4)      Yes, this will require research on who votes who doesn’t and where most of the votes come from and why people vote.

a.       Yes, hopefully it will encourage students to get educated and to cast their vote.

b.       Yes, it will require them to defend all possible solutions, evaluate who does vote and why, analyze what makes the outcome of an election, and defend why or why not they want to vote and if their vote will matter.


This activity will be about voting in the 2016 election.  Students will be asked the questions above.  The introduction of the activity will be having the class watch the 2016 presidential debate and noting the tactics the candidates use.  


https://www.youtube.com/watch?v=855Am6ovK7s


This will be the grabber.  This will gets student fired up and interested in the topic.  It will allow them to see the issues and understand how the candidate they side with is.  Students will also submit some write up and consensus of the debate.  Students can write a paper, make a prezi, make a video, a poster, or anything else.  This is to show their experience had when watching the debate and then to show how they made their decision.


Students will have access to a class google document in which students can write the pros and cons of each candidate.  Through students responses on this google doc I will group them based on whose comments were the most similar.  Ideally there will be three groups: republican, democrat, and other.  Students will then present the reasons that their candidate is the ideal one.  


Next, after the presentation, students will select one group member from each party.  They will hold a mock debate in the classroom, answering the questions not based on their own opinions but on the candidate they have decided to side with.  This will give students a chance to embody what their candidate thinks and also role-play and have a little fun with this assignment.


The final debate will be graded on authenticity, dress, how they answered the questions, and how involved each member was in preparing their representative.


Rubric:


Authenticy: 25 points, did the student embody the character and answer questions in which the candidate would?  Were they appropriate?  Did they answer or avoid the question?  


Dress: 10 points, did the students and representatives dress business casual?  Did they embody the character and dress of their candidate?
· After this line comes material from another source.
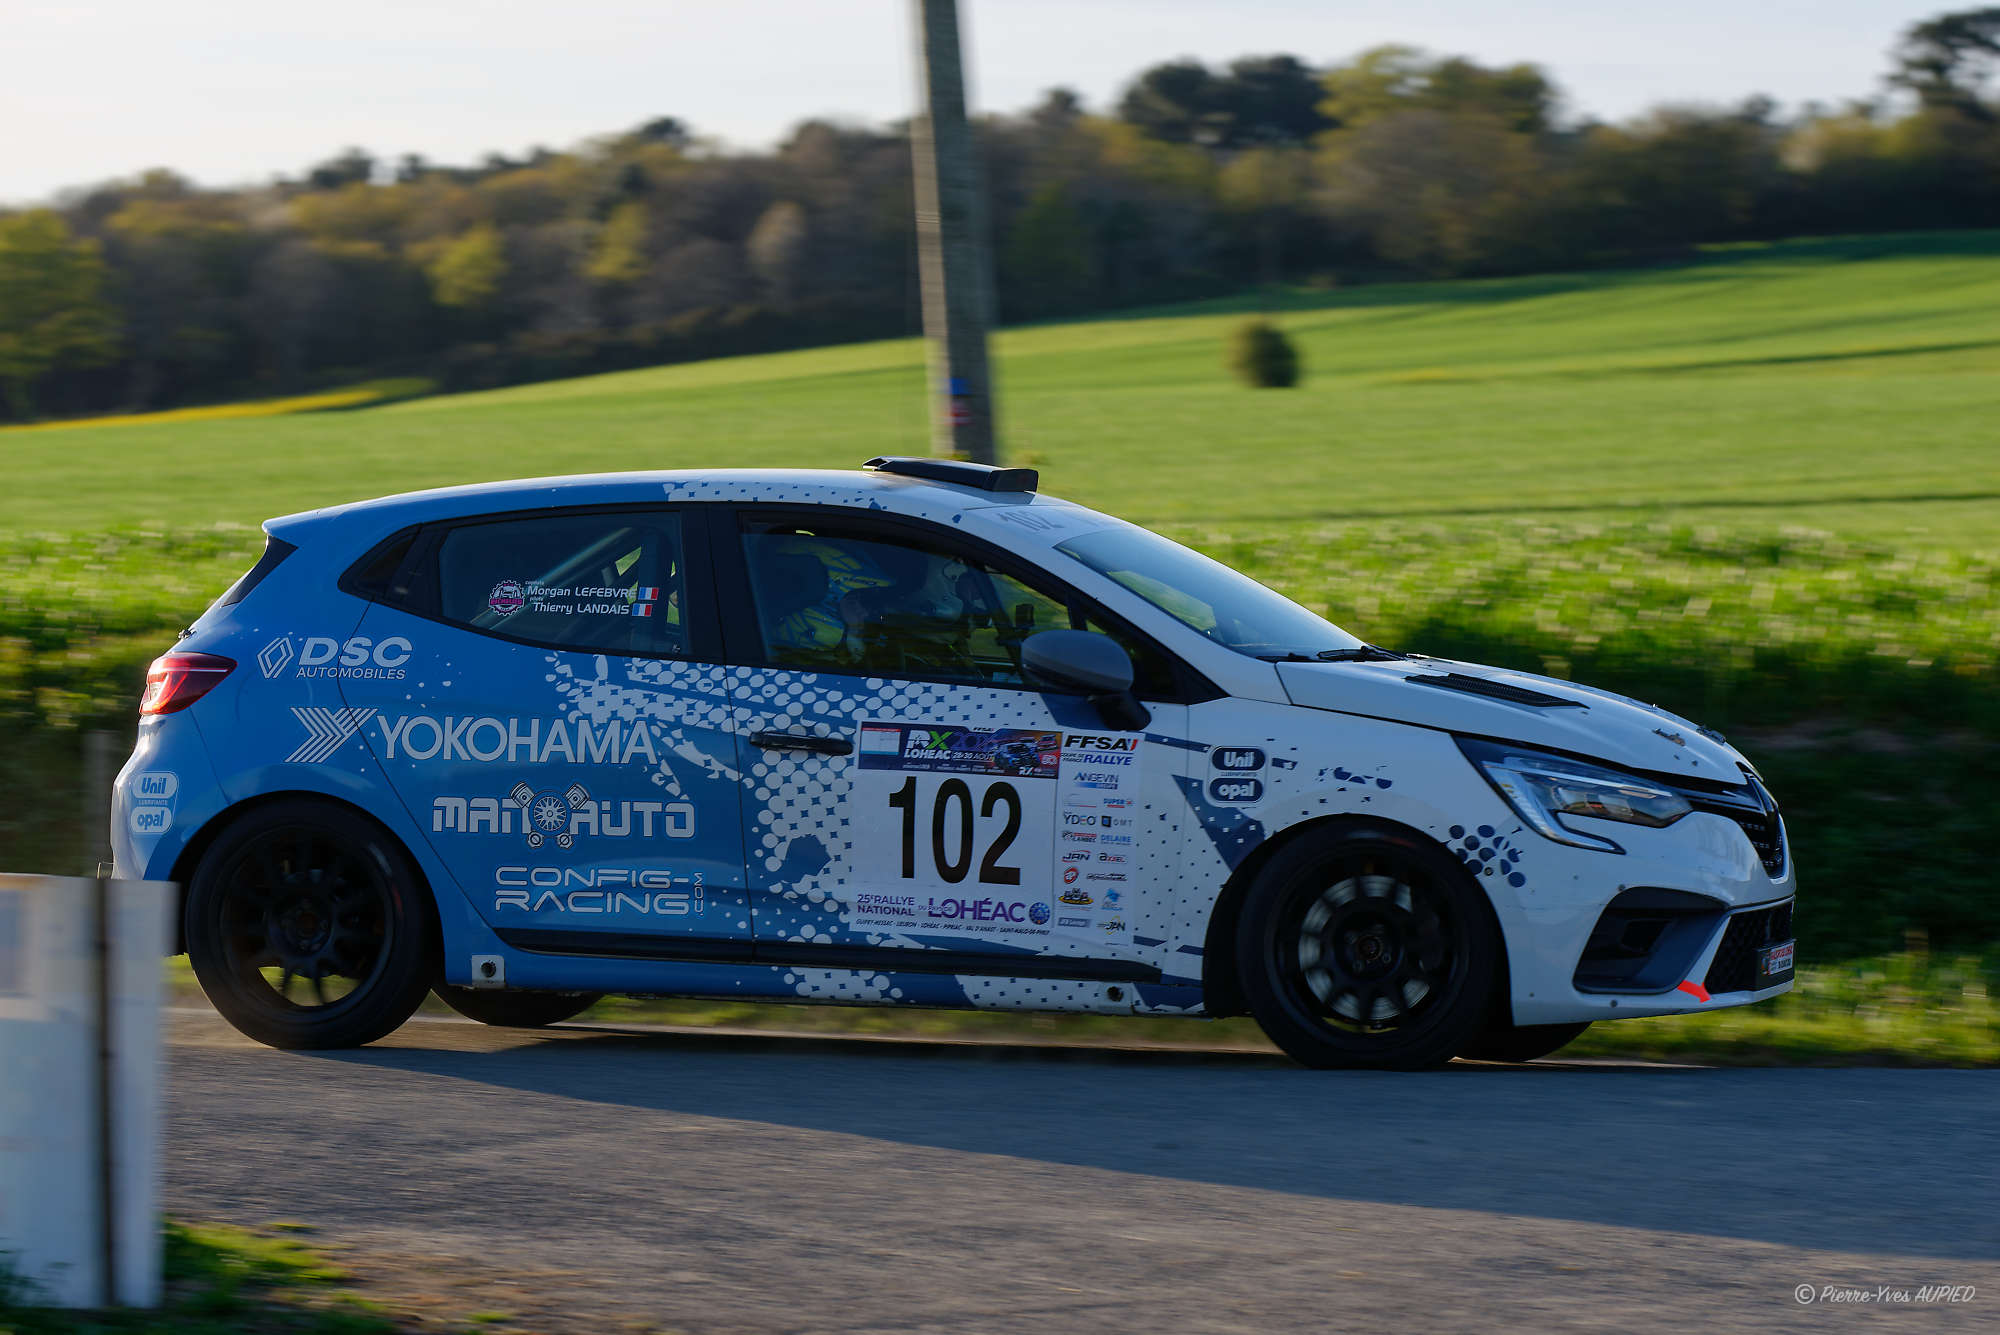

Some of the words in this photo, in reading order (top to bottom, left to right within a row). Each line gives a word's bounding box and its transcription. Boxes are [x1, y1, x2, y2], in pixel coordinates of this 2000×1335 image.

Participation:  25 points, did each student participate to help write or answer the questions?  Was their evidence of research to ensure that students helped and watched the debate?  Did they turn in their write-up of the debate and their decision on who they sided with?
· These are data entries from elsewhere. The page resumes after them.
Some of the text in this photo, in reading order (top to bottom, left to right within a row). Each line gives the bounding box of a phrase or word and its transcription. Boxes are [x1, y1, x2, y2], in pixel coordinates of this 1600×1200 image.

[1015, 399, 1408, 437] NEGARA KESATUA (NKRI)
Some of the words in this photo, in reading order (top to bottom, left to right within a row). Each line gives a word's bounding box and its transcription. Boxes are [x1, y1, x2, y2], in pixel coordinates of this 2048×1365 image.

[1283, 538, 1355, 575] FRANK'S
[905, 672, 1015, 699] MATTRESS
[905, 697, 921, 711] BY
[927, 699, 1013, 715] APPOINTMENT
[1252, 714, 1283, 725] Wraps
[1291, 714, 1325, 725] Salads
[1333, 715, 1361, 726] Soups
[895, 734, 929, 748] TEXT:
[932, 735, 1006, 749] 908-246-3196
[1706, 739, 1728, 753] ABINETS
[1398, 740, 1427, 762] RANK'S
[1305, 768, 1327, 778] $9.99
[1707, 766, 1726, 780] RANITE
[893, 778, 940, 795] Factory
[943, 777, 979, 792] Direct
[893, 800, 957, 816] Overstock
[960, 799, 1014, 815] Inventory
Collaboration: 40 points, did the students help and participate?  How was their attendance during the process of the lesson?  Did students provide individual research and write-ups and help the whole group?  


Ideally, at the end of the lesson, we will take a day to help those who are 18, because it is a senior English class, to help register to vote and hopefully schedule it into the voting day to allow them to vote and demonstrate the importance of voting.